→ **Activity**
Reproduce the records precisely. Omit every picture.

→ **Provided records**
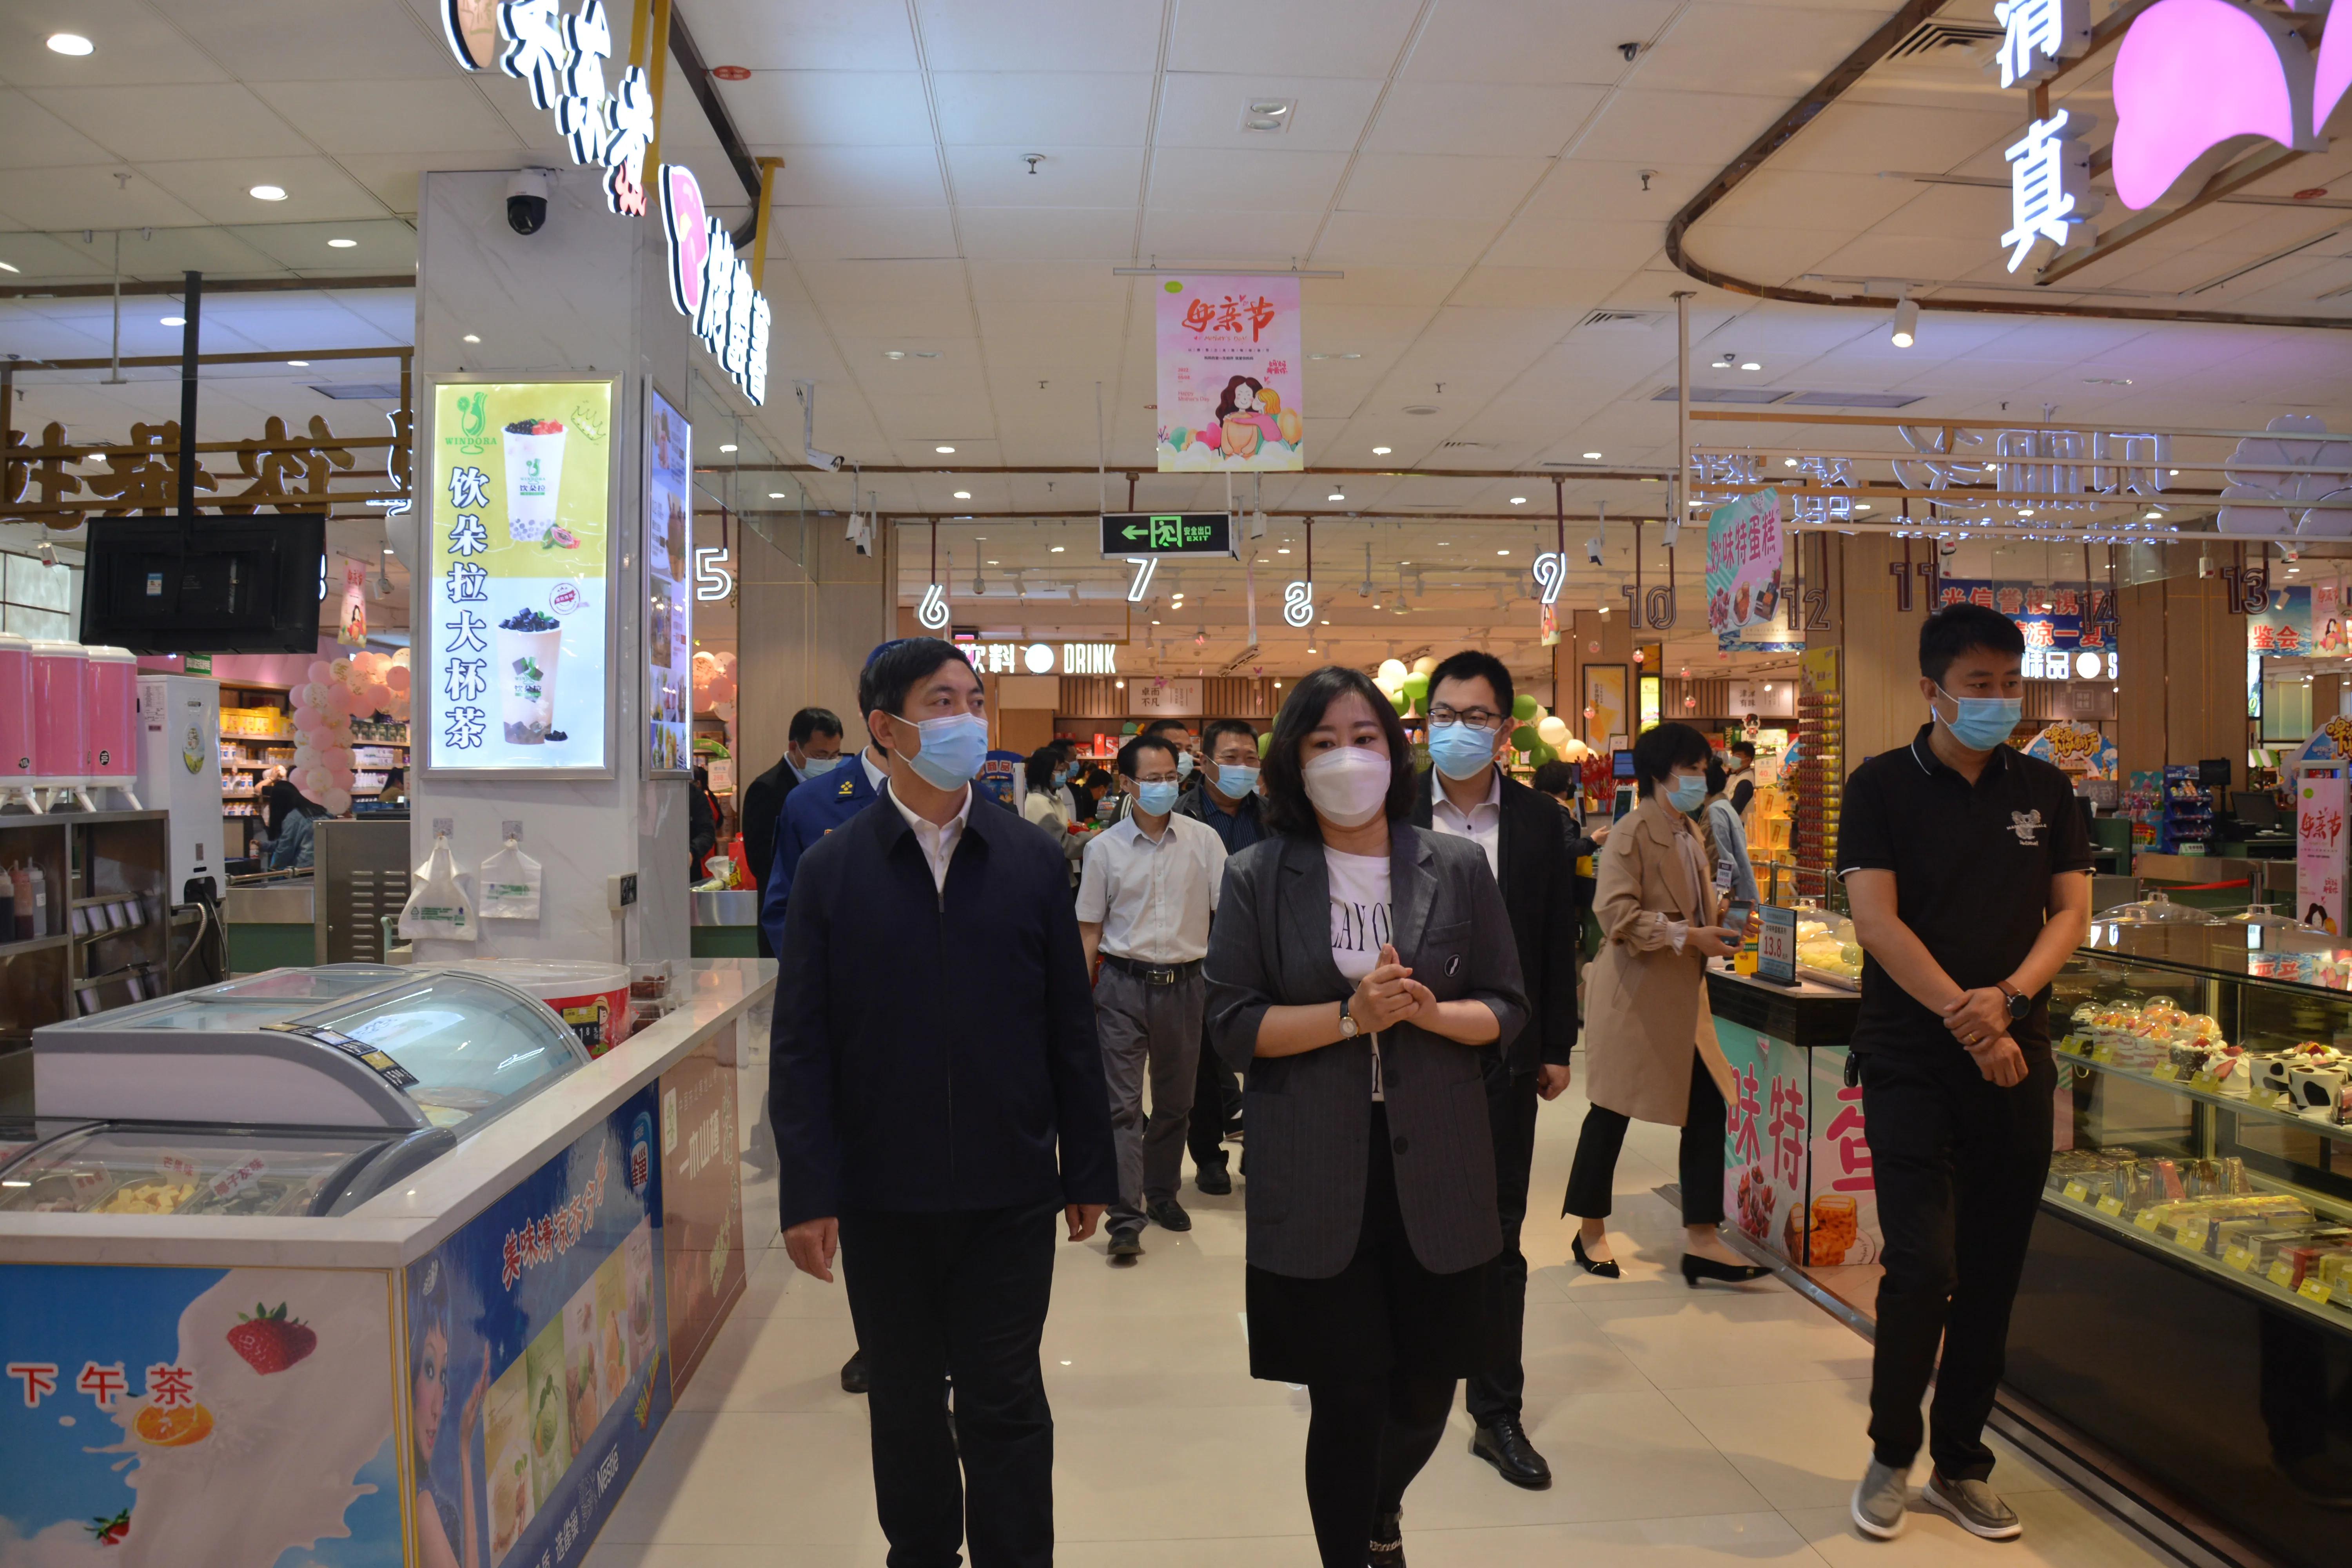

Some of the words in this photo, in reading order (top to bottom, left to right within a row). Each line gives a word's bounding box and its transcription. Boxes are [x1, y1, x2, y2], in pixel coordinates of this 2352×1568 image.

[1181, 296, 1274, 342] 母亲节
[445, 437, 497, 445] WINDORA
[1184, 526, 1211, 535] 安全出口
[1710, 510, 1776, 574] 妙味特蛋糕
[695, 548, 732, 601] 5
[1127, 557, 1157, 601] 7
[1533, 552, 1566, 604] 9
[1889, 563, 1940, 612] 11
[2221, 566, 2270, 614] 13
[446, 466, 490, 750] 饮朵拉大杯茶
[919, 584, 949, 629] 6
[1284, 582, 1313, 627] 8
[1622, 585, 1676, 629] 10
[1780, 587, 1831, 631] 12
[1064, 644, 1116, 673] DRINK
[2254, 625, 2299, 649] 鉴会
[1142, 687, 1160, 696] 卓而
[1142, 698, 1160, 706] 不凡
[985, 760, 1012, 774] 商品
[2299, 810, 2342, 847] 母亲节
[1372, 903, 1392, 951] O
[1764, 936, 1782, 958] 13.8
[679, 1109, 719, 1180] 一木山楂
[1727, 1062, 1805, 1191] 味特
[632, 1146, 648, 1187] 雀巢
[10, 1364, 195, 1406] 下午茶
[555, 1506, 579, 1564] 选雀巢

→ **Result below**
Some of the words in this photo, in reading order (top to bottom, left to right within a row). Each line gives a word's bounding box and its transcription. Boxes are [x1, y1, x2, y2], in pixel coordinates of this 2352×1568 image.

[1181, 296, 1274, 342] 母亲节
[445, 437, 497, 445] WINDORA
[1184, 526, 1211, 535] 安全出口
[1710, 510, 1776, 574] 妙味特蛋糕
[695, 548, 732, 601] 5
[1127, 557, 1157, 601] 7
[1533, 552, 1566, 604] 9
[1889, 563, 1940, 612] 11
[2221, 566, 2270, 614] 13
[446, 466, 490, 750] 饮朵拉大杯茶
[919, 584, 949, 629] 6
[1284, 582, 1313, 627] 8
[1622, 585, 1676, 629] 10
[1780, 587, 1831, 631] 12
[1064, 644, 1116, 673] DRINK
[2254, 625, 2299, 649] 鉴会
[1142, 687, 1160, 696] 卓而
[1142, 698, 1160, 706] 不凡
[985, 760, 1012, 774] 商品
[2299, 810, 2342, 847] 母亲节
[1372, 903, 1392, 951] O
[1764, 936, 1782, 958] 13.8
[679, 1109, 719, 1180] 一木山楂
[1727, 1062, 1805, 1191] 味特
[632, 1146, 648, 1187] 雀巢
[10, 1364, 195, 1406] 下午茶
[555, 1506, 579, 1564] 选雀巢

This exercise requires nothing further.